EXERCISE DIRECTIONS ▸
Repeat the records below exactly, leaving out every picture.

Stored entries:
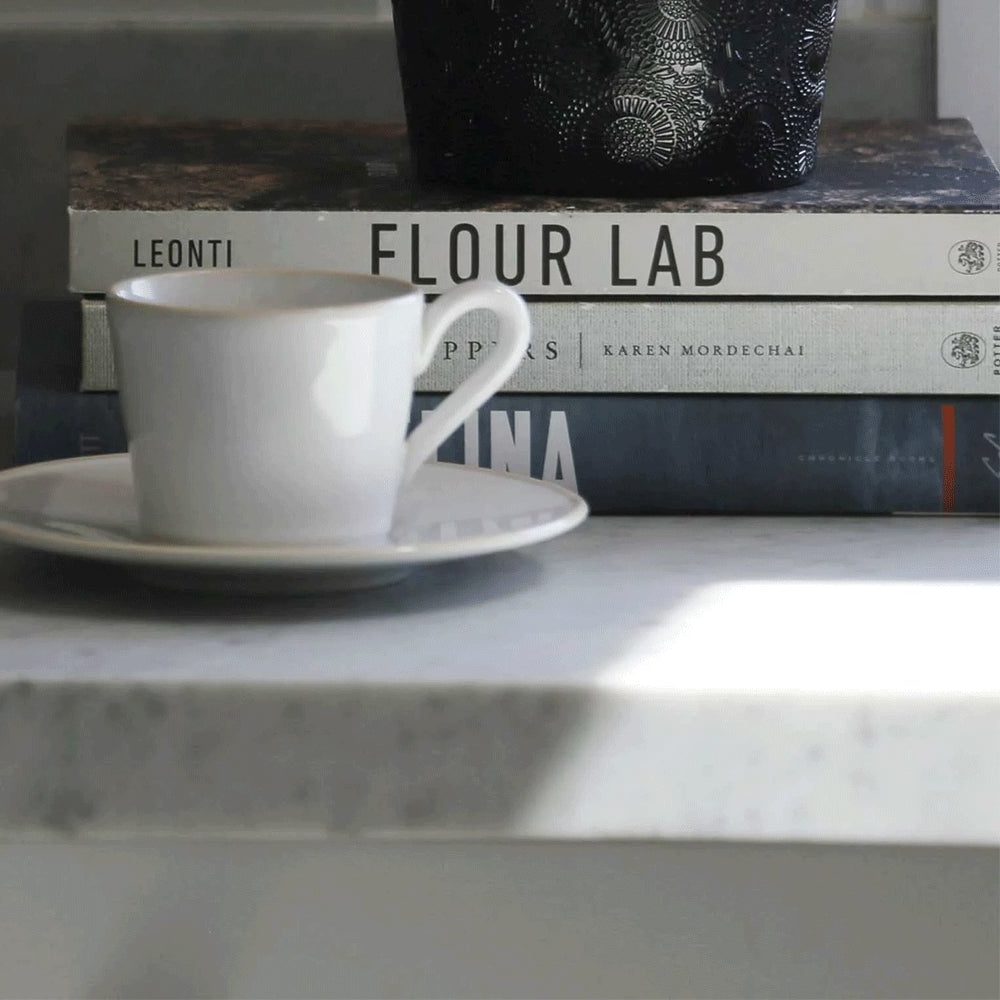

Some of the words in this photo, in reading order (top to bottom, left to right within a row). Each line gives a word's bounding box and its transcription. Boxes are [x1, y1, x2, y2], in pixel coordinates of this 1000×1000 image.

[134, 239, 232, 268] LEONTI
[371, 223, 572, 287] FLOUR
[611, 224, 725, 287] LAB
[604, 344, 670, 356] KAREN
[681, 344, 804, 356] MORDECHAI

RESULT FOR THIS TASK ▸
Some of the words in this photo, in reading order (top to bottom, left to right within a row). Each line gives a word's bounding box and its transcription. Boxes are [x1, y1, x2, y2], in pixel coordinates of this 1000×1000 image.

[134, 239, 232, 268] LEONTI
[371, 223, 572, 287] FLOUR
[611, 224, 725, 287] LAB
[604, 344, 670, 356] KAREN
[681, 344, 804, 356] MORDECHAI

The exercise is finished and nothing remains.